== Data supplied ==

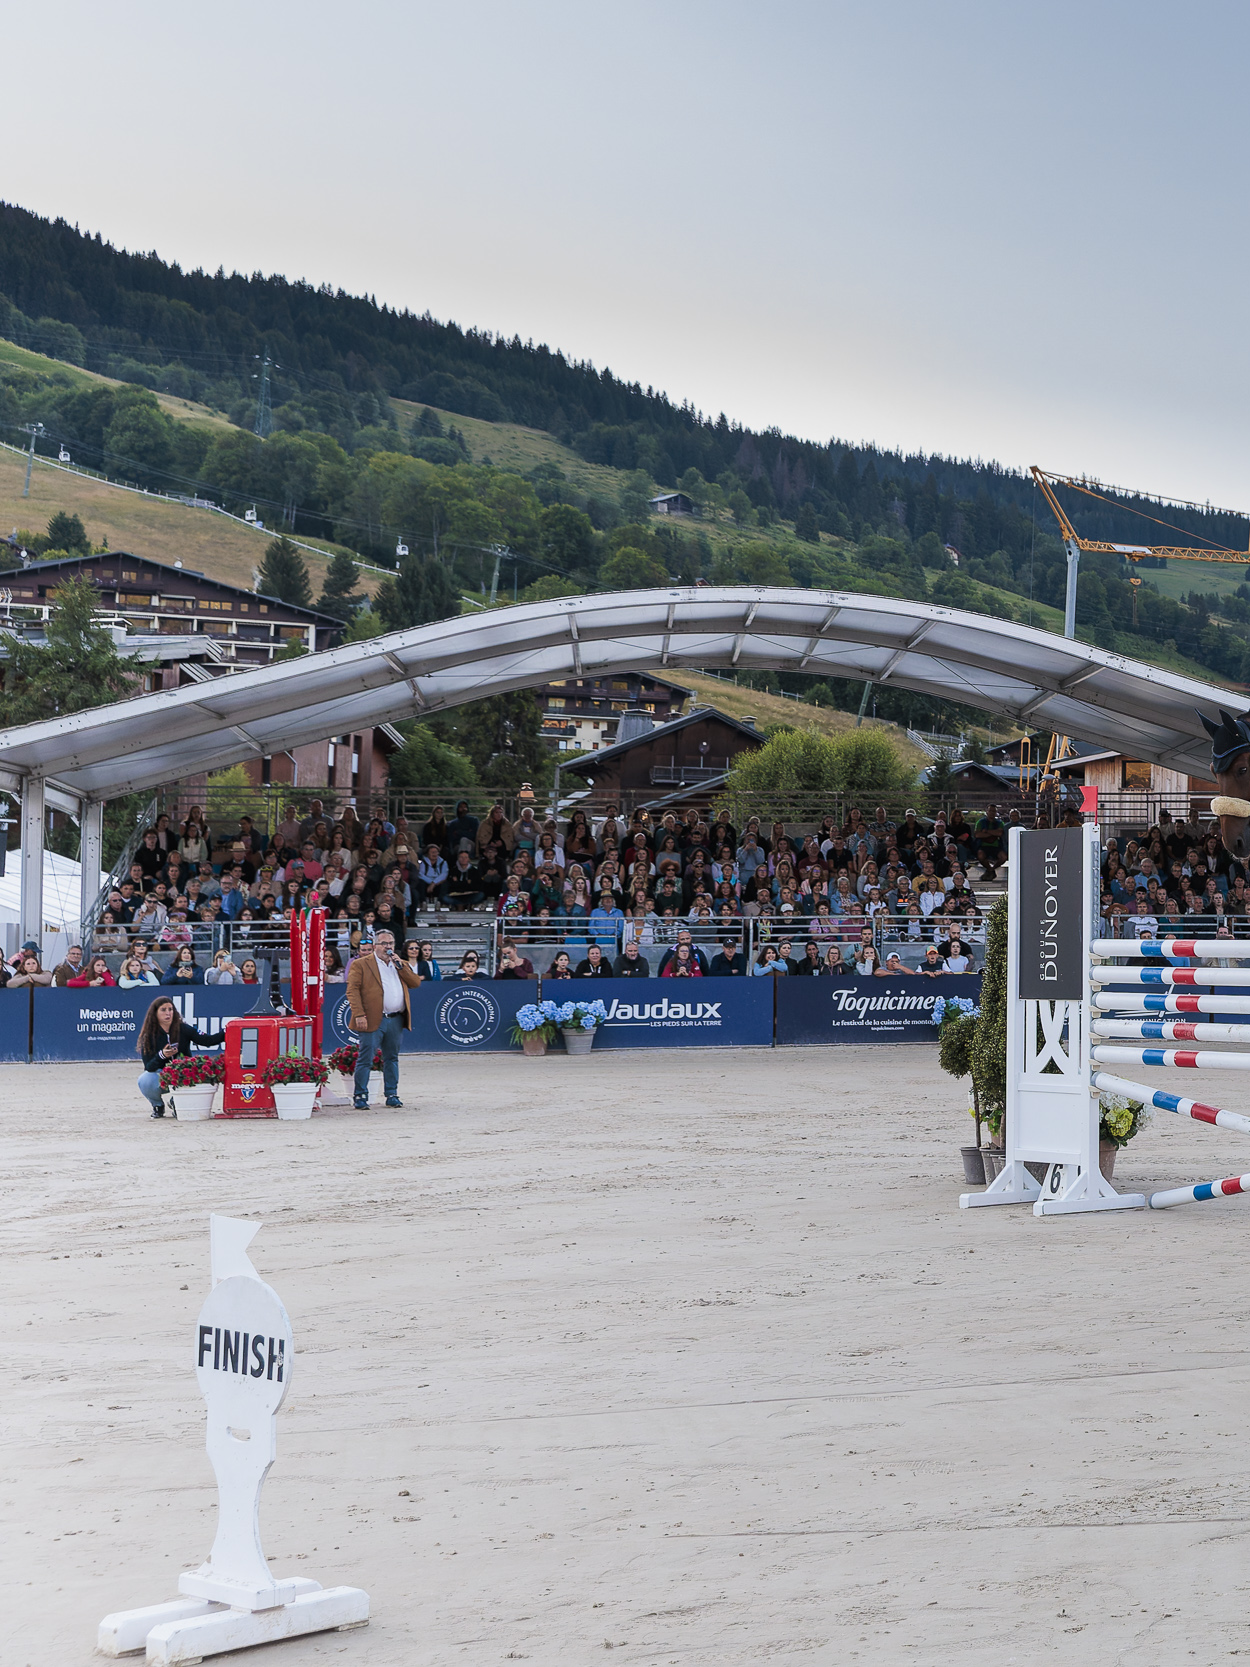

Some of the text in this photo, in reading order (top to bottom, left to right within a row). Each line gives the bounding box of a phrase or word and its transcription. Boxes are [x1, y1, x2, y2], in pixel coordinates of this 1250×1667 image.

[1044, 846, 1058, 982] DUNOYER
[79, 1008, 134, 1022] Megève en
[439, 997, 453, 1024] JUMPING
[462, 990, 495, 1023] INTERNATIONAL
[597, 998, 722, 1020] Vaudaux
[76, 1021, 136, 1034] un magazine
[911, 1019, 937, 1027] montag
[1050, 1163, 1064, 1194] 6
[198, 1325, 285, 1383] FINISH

===

From the first line to the last, return the records exactly and leave the pictures behind.

Some of the text in this photo, in reading order (top to bottom, left to right within a row). Each line gives the bounding box of a phrase or word and its transcription. Boxes are [x1, y1, x2, y2], in pixel coordinates of this 1250×1667 image.

[1044, 846, 1058, 982] DUNOYER
[79, 1008, 134, 1022] Megève en
[439, 997, 453, 1024] JUMPING
[462, 990, 495, 1023] INTERNATIONAL
[597, 998, 722, 1020] Vaudaux
[76, 1021, 136, 1034] un magazine
[911, 1019, 937, 1027] montag
[1050, 1163, 1064, 1194] 6
[198, 1325, 285, 1383] FINISH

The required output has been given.